Tuesday, October 24, 2006

ipods, magnets, and hot cross buns

i think i might love my dermatologist. plantonically, of course, but that's still interesting, considering i've seen him a total of four times, for a total of like one hour. he's just way awesome and makes me feel a lot better about this entire shitty situation. also, he told me that i have accutane-induced eczema now, and that was a much better diagnosis than the one i'd given myself (much to the horror of my roommates). i thought i had ringworm. yummy, i know. i don't, though, and that's the most important thing, yes?

after my appointment, i decided that it's high time i did some little errands that i've been meaning to do for months. i went to the apple computer store in the local mall to get my ipod fixed, and that place is out of control. they have studio, genius, and various other types of "bars" where only specialized people can help you with your issue. i asked some guy if he could help me, and he had me make a computer reservation to speak with a "genius", some guy who i could have just verbally announced my presence to. the guy was seriously standing about ten feet away from me, but i had to send him a message over the internet. it reminded me of the "high tech" appointment system my high school adopted my senior year, which allowed the secretaries to send instant messages to the counselors to alert them that their students had showed up to talk to them. so, the counselors got IMs from the front office, again about ten feet away. i guess people think that that is more streamlined, but it strikes me as kinda ridic.

i spent ten years looking for jeans this afternoon - jeans that fit me properly. it took a really long time, but i finally succeeded and that was grand.

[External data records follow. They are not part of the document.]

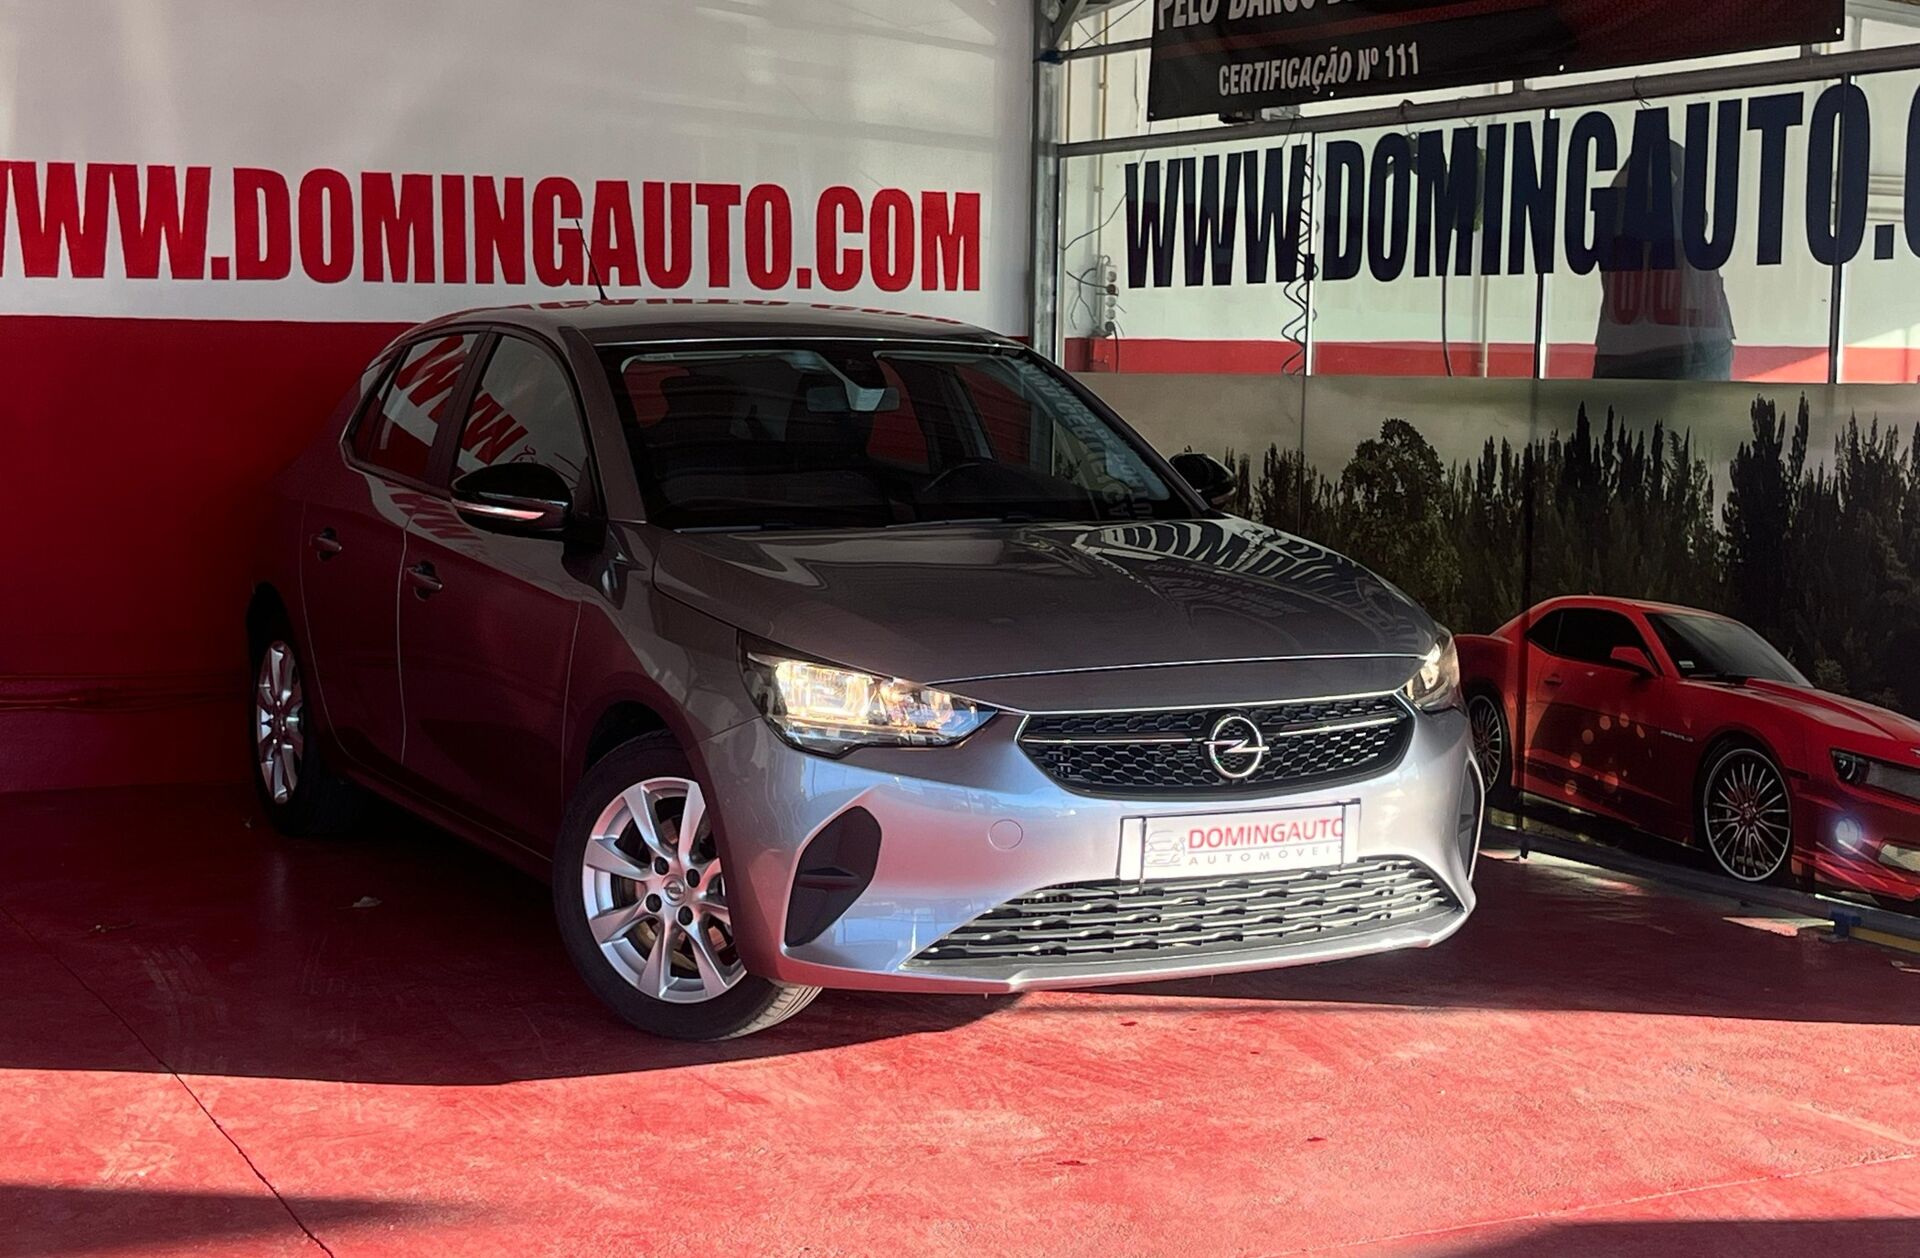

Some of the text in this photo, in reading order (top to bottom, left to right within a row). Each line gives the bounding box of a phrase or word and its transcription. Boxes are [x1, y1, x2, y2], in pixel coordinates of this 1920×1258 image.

[1219, 46, 1352, 96] CERTIFICAÇÃO
[1385, 41, 1419, 78] 111
[0, 161, 980, 292] WW.DOMINGAUTO.COM
[1125, 84, 1920, 289] WWW.DOMINGAUTO.
[1188, 818, 1343, 849] DOMINGAUTO

also, i bought a pair of magnetic stud earrings, and am wearing one of them in my nose right now. no one in my family thinks the fact that i want to test out a nose piercing is a big deal - they're all just appalled that i have a magnet in my nose. clay told me that that is "disgusting." whatever. i wanted to see what it would look like if i did in fact have a crystal in my nose without actually having to shove a needle through my nostril. actually, my mom told me that she kinda wants one too. that would be interesting. the verdict is that i'm gonna shop around and see if i can find a place that looks clean and respectable and then i'll probably get my nose pierced. and this will forever prevent me from doing the play at the museum ever again.

sophie and i went for a walk this afternoon. i say it like that because i found myself treating her like a person, and not like a dog. we went for a way long time, and i got kinda loopy/bored so i started talking to her and telling her what direction i thought we should go, and maybe it's just that she had the route memorized already or something, but i could have sworn she was listening to me.

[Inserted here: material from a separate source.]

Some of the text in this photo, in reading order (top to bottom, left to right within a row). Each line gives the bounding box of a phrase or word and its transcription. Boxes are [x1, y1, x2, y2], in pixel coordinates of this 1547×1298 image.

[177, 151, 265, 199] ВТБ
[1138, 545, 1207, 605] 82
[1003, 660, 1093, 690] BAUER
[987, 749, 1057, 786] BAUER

being home this time was way less annoying than it was the other weekend. i was probably just being a moody bitch. clay wrote a story for school and his teacher told him it was "the best thing any student has written in her class ever." i told him i wanted to read it, considering it was so awesome. and that led to him chasing me all over the elementary school campus, yelling at me to give it back to him. it was really juvenile of me to play keep-away with my little brother (and i didn't even get to read it because i was running), but it was fun regardless.

one of the highlights of my day was making dinner with my mom. my grandparents came over, and we had a fat feast. clay played "hot cross buns" on his clarinet and then allowed everyone but me to read that damn story, and i'm sure he felt like a prince. it was a good time.

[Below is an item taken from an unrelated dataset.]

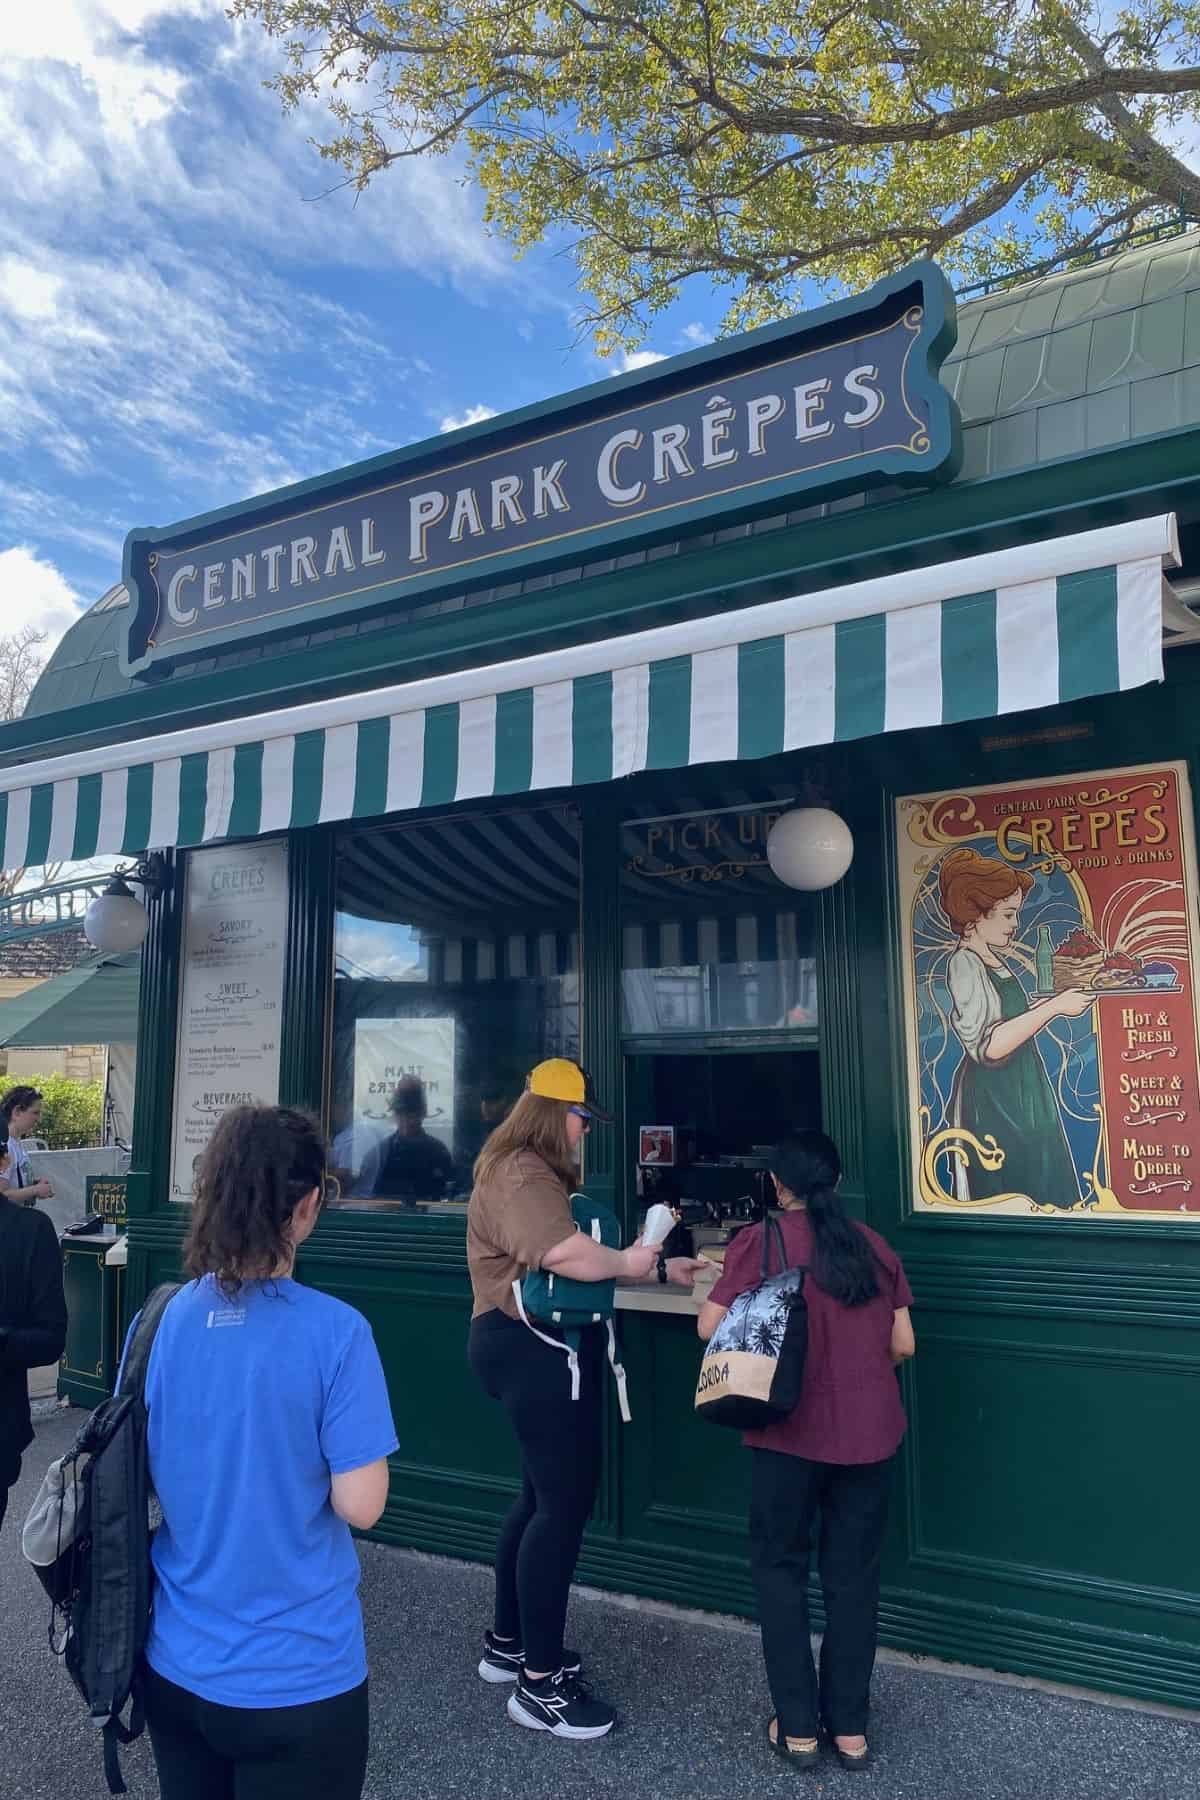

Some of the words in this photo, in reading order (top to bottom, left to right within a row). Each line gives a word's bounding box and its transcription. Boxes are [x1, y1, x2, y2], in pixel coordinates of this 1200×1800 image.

p.s. i can't believe rush limbaugh would make such a terrible, insensitive comment about michael j. fox's parkinson's. actually, i do believe it because he's a hypocritical asshole, but it makes me sick that he chooses to use his (unfortunate) media power to say such awful things. just shut up already and stop acting like a goddamn saint. to say that someone is exaggerating (for political gain or anything else) the symptoms of their crippling disease is disgusting and makes me want to slap him in the face. and maybe kick him in the knees too. very few things make me really angry (i've learned, with today's politics, to let a lot of shit slide so that i don't go crazy), but reading about that pissed me off so much. i could not believe that. and shouldn't have to, i don't think.